A Gullberg no se le ocurrió nada más que decir. Permaneció callado un largo rato.

–Gracias, Fredrik -respondió finalmente.

–Gracias a ti. Esto es más divertido que quedarse sentado esperando en vano un riñón.

Se despidieron. Gullberg pagó la factura del hotel y salió a la calle. La suerte ya estaba echada. Ahora sólo faltaba que la coreografía fuese exacta.

Empezó dando un paseo hasta el Park Avenue Hotel, donde pidió usar el fax para mandar las cartas que escribió en el tren el día anterior. No quería utilizar el fax de donde había estado alojado. Luego salió a Avenyn y buscó un taxi. Se detuvo junto a una papelera e hizo trizas las copias que había hecho de las cartas.

Annika Giannini conversó con la fiscal Agneta Jervas durante quince minutos. Quería enterarse de los cargos que ésta tenía intención de presentar contra Lisbeth Salander, pero no tardó en comprender que Jervas no estaba segura de lo que iba a pasar.

–Ahora mismo me contento con detenerla por graves malos tratos o, en su defecto, por intento de homicidio. Me refiero a los hachazos que Lisbeth Salander le dio a su padre. Supongo que apelarás al derecho de legítima defensa.

–Tal vez.

–Pero, sinceramente, Ronald Niedermann, el asesino del policía, es ahora mismo mi prioridad.

–Entiendo.

–Estoy en contacto con el fiscal general. Ahora están tratando de ver si todos los cargos que existen contra tu clienta los va a llevar un único fiscal de Estocolmo y si se va a incluir lo que ha ocurrido aquí.

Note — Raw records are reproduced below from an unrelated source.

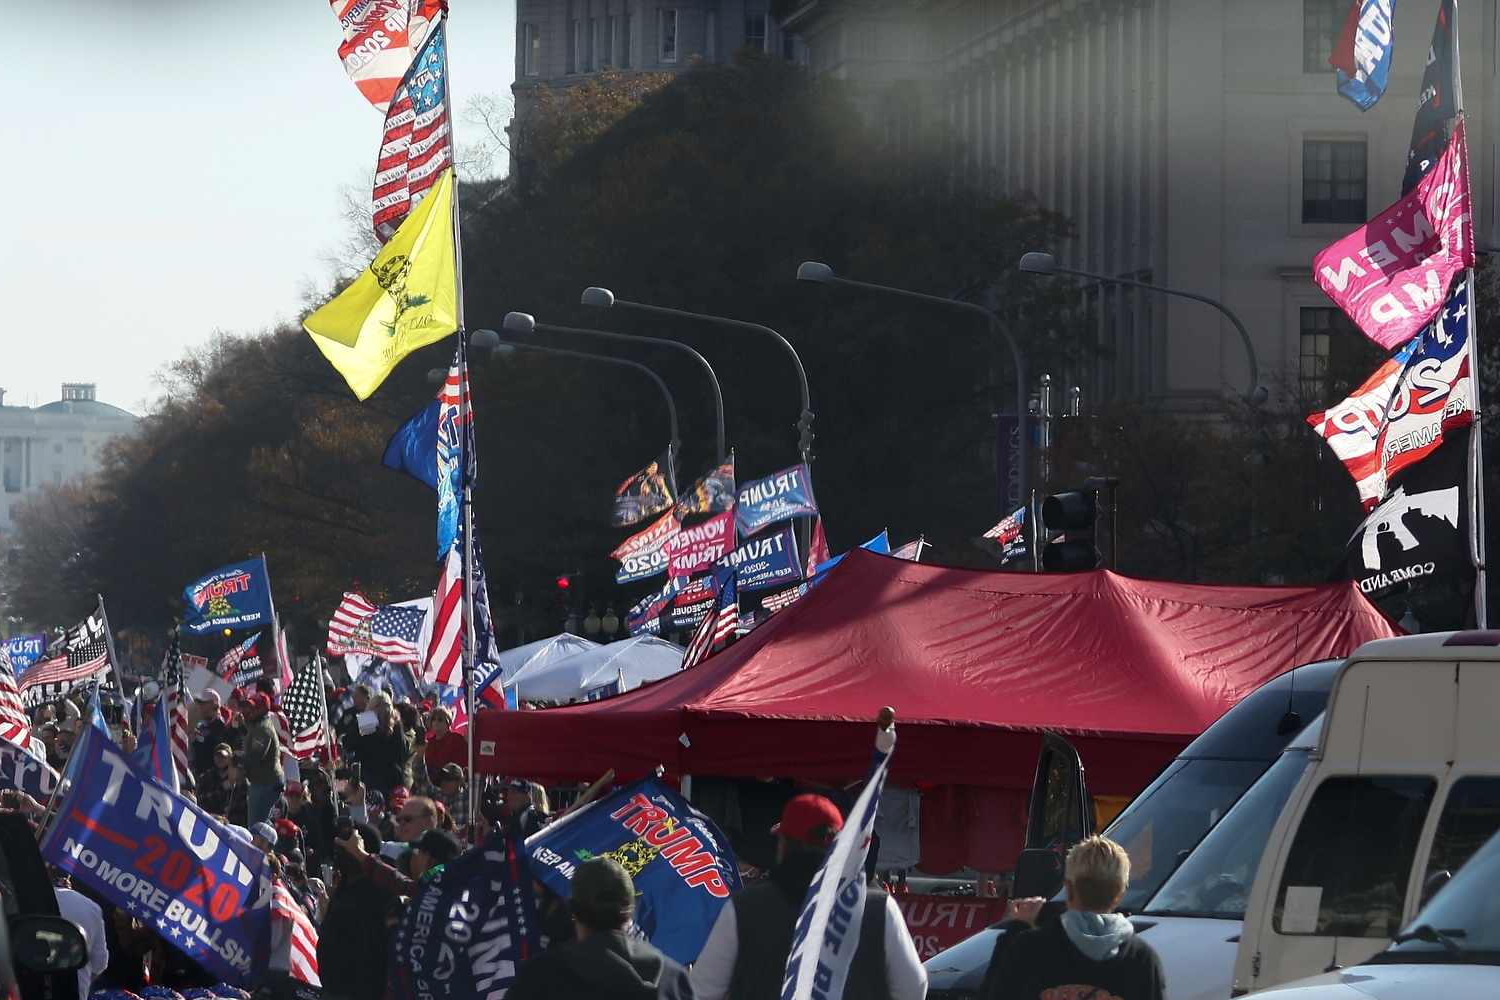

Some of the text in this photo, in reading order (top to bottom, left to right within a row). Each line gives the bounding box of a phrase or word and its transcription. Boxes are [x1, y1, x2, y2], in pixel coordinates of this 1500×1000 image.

[62, 837, 98, 869] NO
[100, 859, 170, 912] MORE
[132, 836, 241, 922] 2020
[532, 846, 563, 867] KEEP
[611, 793, 730, 898] TRUMP
[410, 884, 443, 973] AMERICA

–Doy por descontado que todo se va a trasladar a Estocolmo.

–Bien. En cualquier caso debo interrogar a Lisbeth Salander. ¿Cuándo podría ser?

–Tengo un informe de su médico, Anders Jonasson. Dice que Lisbeth Salander no estará en condiciones de participar en un interrogatorio hasta que no pasen varios días. Aparte de sus daños físicos, se encuentra fuertemente drogada a causa de los analgésicos.